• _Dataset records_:
::::::::::

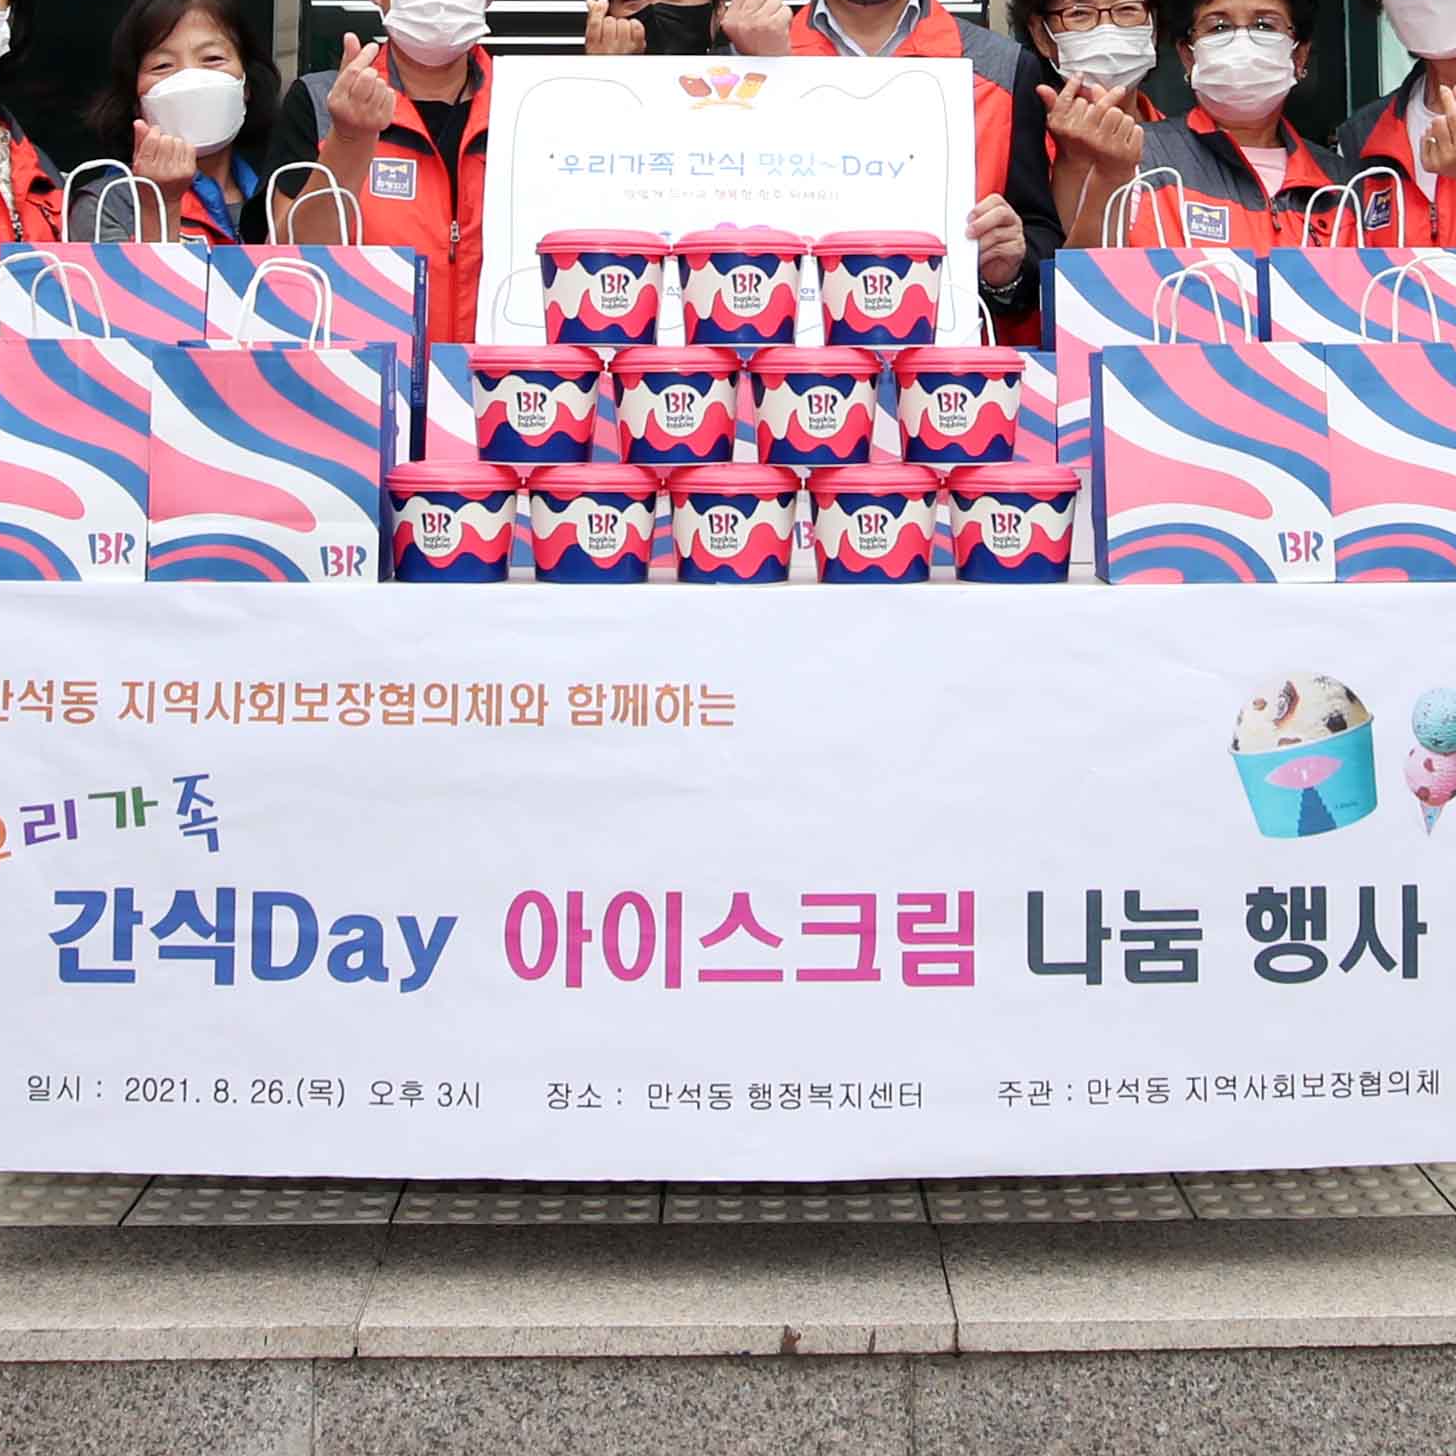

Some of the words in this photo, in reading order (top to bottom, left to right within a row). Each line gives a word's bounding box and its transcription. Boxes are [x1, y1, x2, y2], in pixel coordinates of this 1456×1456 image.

[687, 151, 744, 177] 간식
[601, 273, 630, 294] BR
[732, 273, 762, 294] BR
[863, 274, 893, 295] BR
[516, 391, 547, 413] BR
[665, 392, 695, 413] BR
[808, 393, 838, 414] BR
[937, 392, 967, 413] BR
[422, 512, 451, 534] BR
[588, 513, 618, 534] BR
[708, 513, 739, 534] BR
[857, 513, 888, 534] BR
[991, 513, 1021, 534] BR
[88, 532, 135, 565] BR
[1278, 531, 1324, 563] BR
[320, 544, 368, 577] BR
[118, 680, 549, 727] 지역사회보장협의체와
[567, 683, 736, 728] 함께하는
[48, 887, 459, 994] 간식Day
[504, 889, 976, 990] 아이스크림
[1027, 889, 1204, 986] 나눔
[1244, 884, 1428, 985] 행사
[26, 1074, 82, 1104] 일시
[124, 1077, 201, 1104] 2021.
[212, 1078, 238, 1105] 8.
[250, 1076, 346, 1109] 26.(목)
[367, 1079, 425, 1109] 오후
[436, 1081, 481, 1109] 3시
[546, 1081, 603, 1111] 장소
[647, 1081, 734, 1111] 만석동
[747, 1081, 923, 1111] 행정복지센터
[997, 1078, 1053, 1107] 주관
[1086, 1074, 1171, 1105] 만석동
[1184, 1068, 1441, 1103] 지역사회보장협의체

::::::::::

• _DESCRIPTION OF THE TASK_: Each record above should come back exactly the same, only without its pictures.

• _ANSWER TO THIS TASK_:
Some of the words in this photo, in reading order (top to bottom, left to right within a row). Each line gives a word's bounding box and its transcription. Boxes are [x1, y1, x2, y2], in pixel coordinates of this 1456×1456 image.

[687, 151, 744, 177] 간식
[601, 273, 630, 294] BR
[732, 273, 762, 294] BR
[863, 274, 893, 295] BR
[516, 391, 547, 413] BR
[665, 392, 695, 413] BR
[808, 393, 838, 414] BR
[937, 392, 967, 413] BR
[422, 512, 451, 534] BR
[588, 513, 618, 534] BR
[708, 513, 739, 534] BR
[857, 513, 888, 534] BR
[991, 513, 1021, 534] BR
[88, 532, 135, 565] BR
[1278, 531, 1324, 563] BR
[320, 544, 368, 577] BR
[118, 680, 549, 727] 지역사회보장협의체와
[567, 683, 736, 728] 함께하는
[48, 887, 459, 994] 간식Day
[504, 889, 976, 990] 아이스크림
[1027, 889, 1204, 986] 나눔
[1244, 884, 1428, 985] 행사
[26, 1074, 82, 1104] 일시
[124, 1077, 201, 1104] 2021.
[212, 1078, 238, 1105] 8.
[250, 1076, 346, 1109] 26.(목)
[367, 1079, 425, 1109] 오후
[436, 1081, 481, 1109] 3시
[546, 1081, 603, 1111] 장소
[647, 1081, 734, 1111] 만석동
[747, 1081, 923, 1111] 행정복지센터
[997, 1078, 1053, 1107] 주관
[1086, 1074, 1171, 1105] 만석동
[1184, 1068, 1441, 1103] 지역사회보장협의체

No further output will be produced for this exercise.